Transparency and accountability

  • Panel posts updates on findings and recommendations after meetings.
  • Requires summaries of discussions and recommendations to joint judiciary and state government committees upon request.
  • Annual report due by December 1 detailing findings and recommendations to improve systems and prevent fatalities; distributed to key officials and legislative offices.

Oversight and evaluation

  • Beginning in 2027, the Legislative Oversight and Investigations Committee will annually evaluate the panel's operations and report findings to the Legislative Research Commission.

Timeline for implementation

  • By August 1, 2026: appointing authorities must appoint initial panel members with staggered terms (3 one-year terms and 4 two-year terms in the initial set).
  • Specific phased appointment order outlined for initial one-year terms.

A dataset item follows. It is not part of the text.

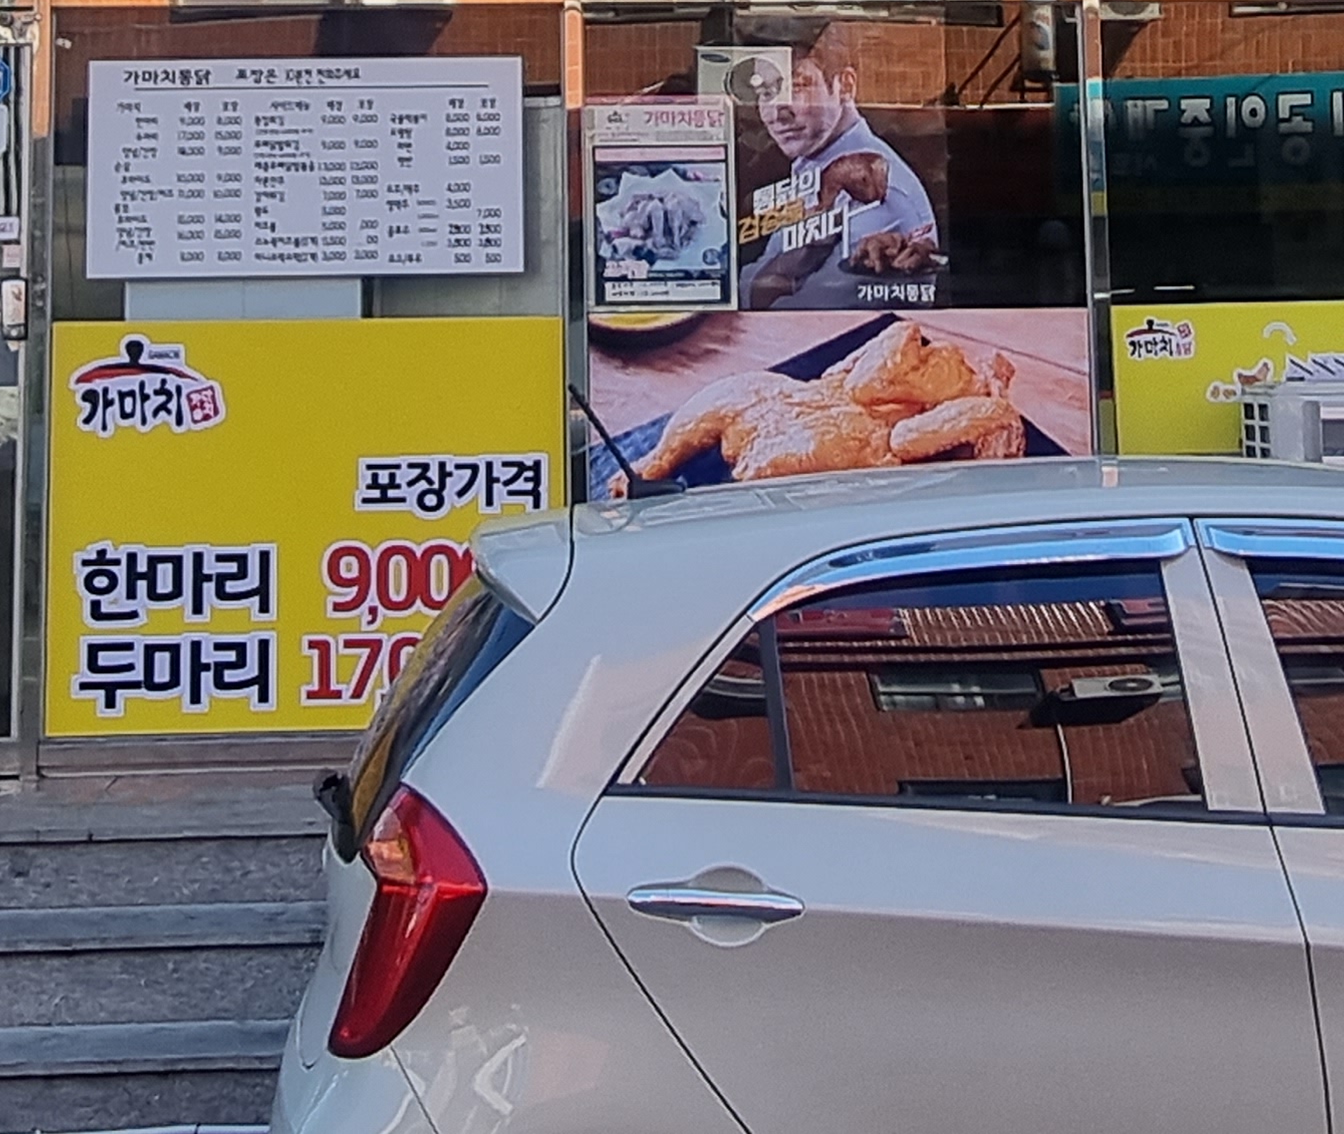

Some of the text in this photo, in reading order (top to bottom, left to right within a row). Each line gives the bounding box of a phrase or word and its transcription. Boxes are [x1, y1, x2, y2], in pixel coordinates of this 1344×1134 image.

Impact and who is affected

  • Affects detainees and their families by aiming to reduce fatalities through systemic recommendations.
  • Involves a broad array of Kentucky agencies and stakeholders (law enforcement, corrections, juvenile justice, medical examiners, public advocates, county and prosecutorial associations, and community organizations).
  • Creates a formal mechanism for independent review, transparency, and accountability, potentially influencing policy changes in detention practices, medical/mental health services, and investigative processes.

Procedural notes

  • The panel is attached to the Justice and Public Safety Cabinet for staffing but operates independently.
  • Data and records handling emphasize confidentiality and Open Records Act compliance, with strict controls on disclosure.
  • Legislative oversight begins with annual evaluations starting in 2027.

Compiled from official sources — confirm details with the bill’s official record.